*Exercise requirements*. Exclude the pictures, then copy all remaining records exactly.

*Material provided*.
▬▬▬▬▬▬
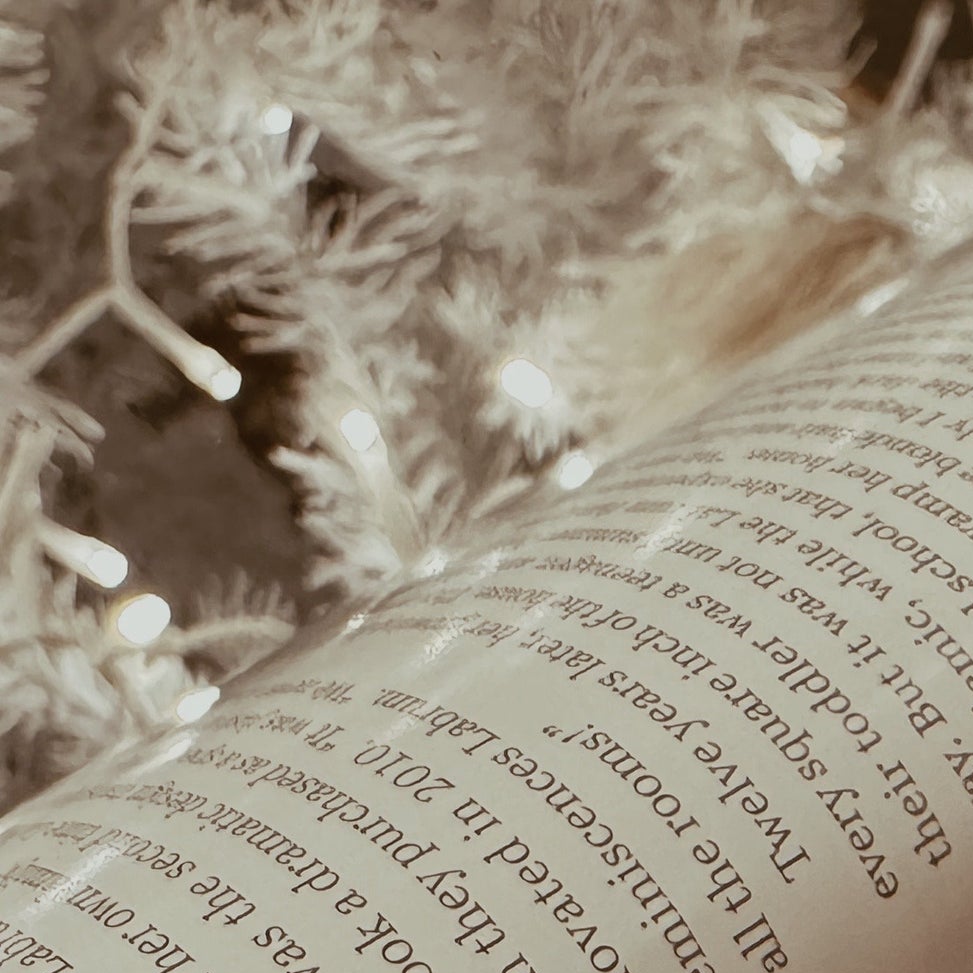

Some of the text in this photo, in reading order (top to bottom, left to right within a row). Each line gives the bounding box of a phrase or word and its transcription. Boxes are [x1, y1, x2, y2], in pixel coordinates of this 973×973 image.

[915, 410, 947, 428] I
[828, 461, 893, 494] her
[853, 430, 962, 478] blonde
[781, 487, 854, 521] that
[738, 516, 798, 546] the
[662, 581, 691, 600] a
[716, 555, 784, 590] not
[797, 539, 893, 602] while
[549, 594, 604, 621] the
[580, 609, 638, 631] of
[685, 594, 753, 639] was
[778, 587, 849, 637] was
[631, 624, 717, 681] inch
[846, 634, 887, 669] it
[751, 636, 882, 753] toddler
[880, 664, 948, 738] But
[372, 688, 501, 756] Labrum.
[709, 673, 828, 781] square
[353, 740, 456, 803] 2010.
[462, 619, 811, 884] Twelve years later, her
[247, 764, 440, 869] purchased
[452, 797, 503, 842] in
[876, 760, 952, 867] their
[197, 803, 340, 894] dramatic
[542, 724, 789, 973] all the rooms!”
[815, 788, 899, 899] every
[66, 884, 136, 929] own
[189, 875, 256, 926] the
[334, 888, 368, 916] a
[415, 869, 506, 955] they
▬▬▬▬▬▬
*Expected answer*.
Some of the text in this photo, in reading order (top to bottom, left to right within a row). Each line gives the bounding box of a phrase or word and its transcription. Boxes are [x1, y1, x2, y2], in pixel coordinates of this 973×973 image.

[915, 410, 947, 428] I
[828, 461, 893, 494] her
[853, 430, 962, 478] blonde
[781, 487, 854, 521] that
[738, 516, 798, 546] the
[662, 581, 691, 600] a
[716, 555, 784, 590] not
[797, 539, 893, 602] while
[549, 594, 604, 621] the
[580, 609, 638, 631] of
[685, 594, 753, 639] was
[778, 587, 849, 637] was
[631, 624, 717, 681] inch
[846, 634, 887, 669] it
[751, 636, 882, 753] toddler
[880, 664, 948, 738] But
[372, 688, 501, 756] Labrum.
[709, 673, 828, 781] square
[353, 740, 456, 803] 2010.
[462, 619, 811, 884] Twelve years later, her
[247, 764, 440, 869] purchased
[452, 797, 503, 842] in
[876, 760, 952, 867] their
[197, 803, 340, 894] dramatic
[542, 724, 789, 973] all the rooms!”
[815, 788, 899, 899] every
[66, 884, 136, 929] own
[189, 875, 256, 926] the
[334, 888, 368, 916] a
[415, 869, 506, 955] they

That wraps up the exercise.